Source data:

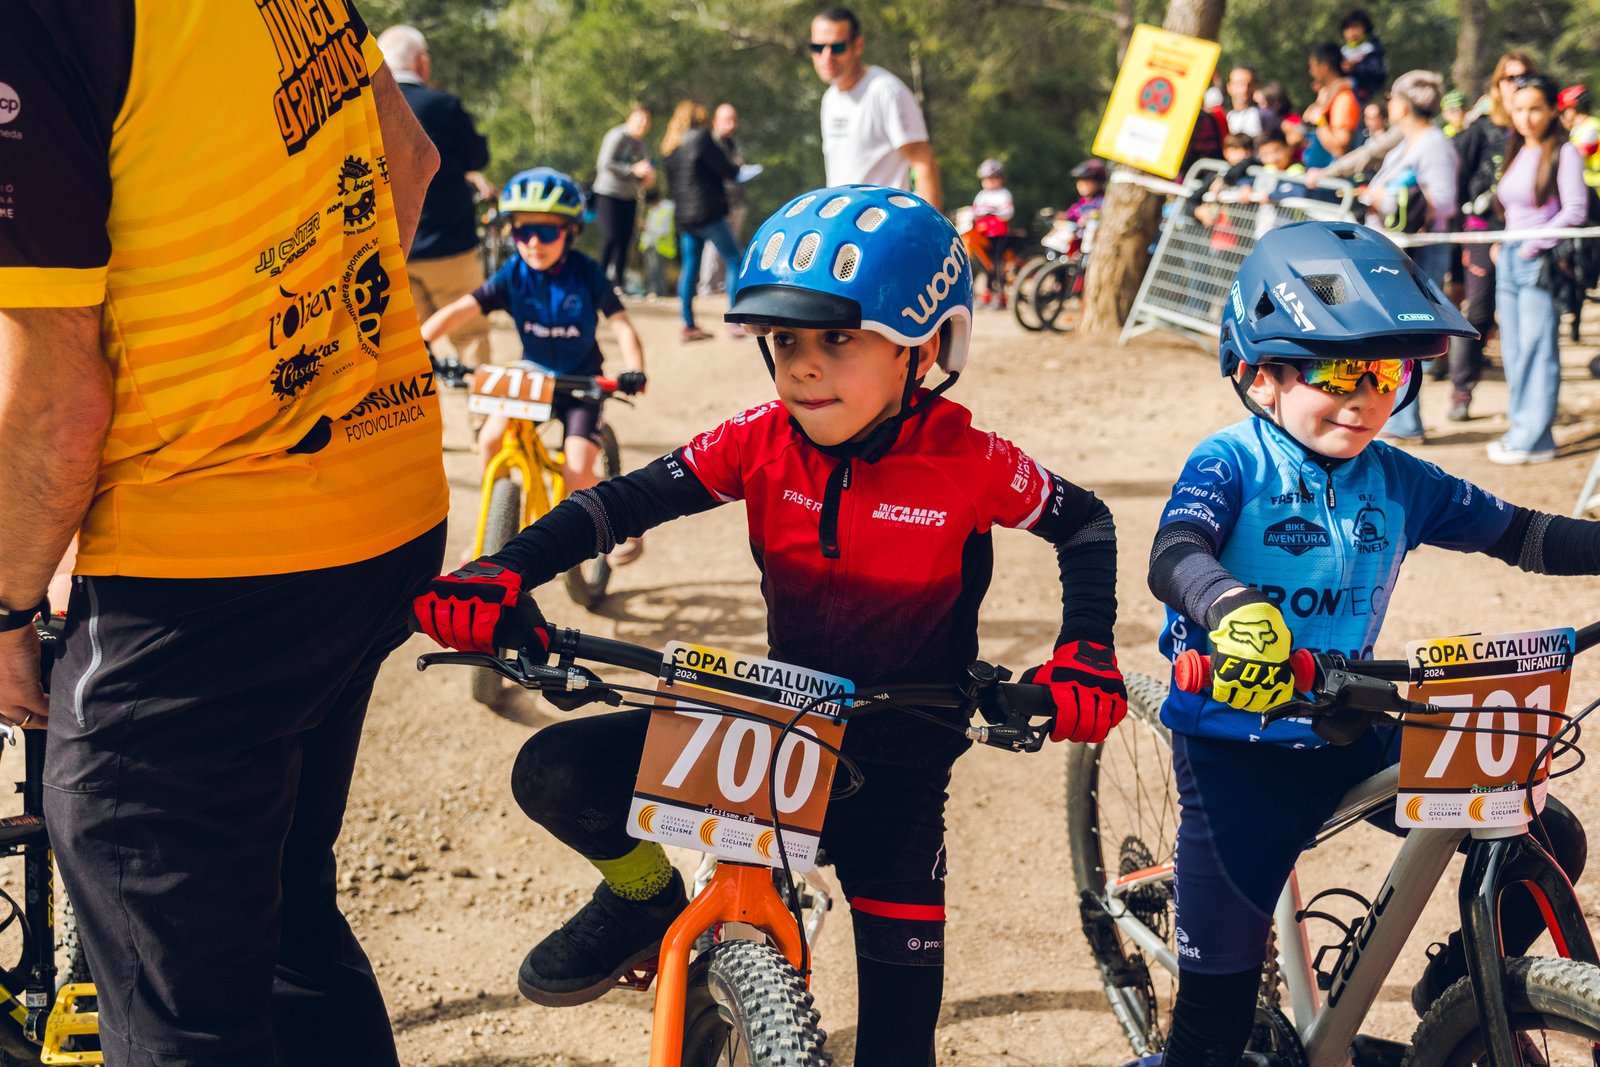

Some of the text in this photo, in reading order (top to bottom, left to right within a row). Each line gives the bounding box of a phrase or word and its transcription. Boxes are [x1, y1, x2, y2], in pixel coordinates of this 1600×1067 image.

[278, 212, 321, 261] CNTER
[901, 237, 967, 324] woom
[481, 362, 545, 400] 711
[345, 404, 425, 443] FOTOVOLTAICA
[890, 505, 948, 527] CAMPS
[1285, 523, 1306, 531] BIKE
[1267, 533, 1327, 544] AVENTURA
[1249, 582, 1385, 620] RONTEC
[1416, 633, 1569, 666] COPA CATALUNYA
[673, 647, 846, 698] COPA CATALUNYA
[675, 669, 698, 681] 2024
[1218, 657, 1282, 685] FOX
[1424, 669, 1445, 678] 2024
[1424, 684, 1551, 778] 701
[661, 700, 821, 814] 700
[660, 824, 693, 836] CICLISME
[721, 837, 752, 848] CICLISME

| Work item |
Output the entries above exactly. Do not include the pictures.

| Reply to the exercise |
Some of the text in this photo, in reading order (top to bottom, left to right within a row). Each line gives the bounding box of a phrase or word and its transcription. Boxes are [x1, y1, x2, y2], in pixel coordinates of this 1600×1067 image.

[278, 212, 321, 261] CNTER
[901, 237, 967, 324] woom
[481, 362, 545, 400] 711
[345, 404, 425, 443] FOTOVOLTAICA
[890, 505, 948, 527] CAMPS
[1285, 523, 1306, 531] BIKE
[1267, 533, 1327, 544] AVENTURA
[1249, 582, 1385, 620] RONTEC
[1416, 633, 1569, 666] COPA CATALUNYA
[673, 647, 846, 698] COPA CATALUNYA
[675, 669, 698, 681] 2024
[1218, 657, 1282, 685] FOX
[1424, 669, 1445, 678] 2024
[1424, 684, 1551, 778] 701
[661, 700, 821, 814] 700
[660, 824, 693, 836] CICLISME
[721, 837, 752, 848] CICLISME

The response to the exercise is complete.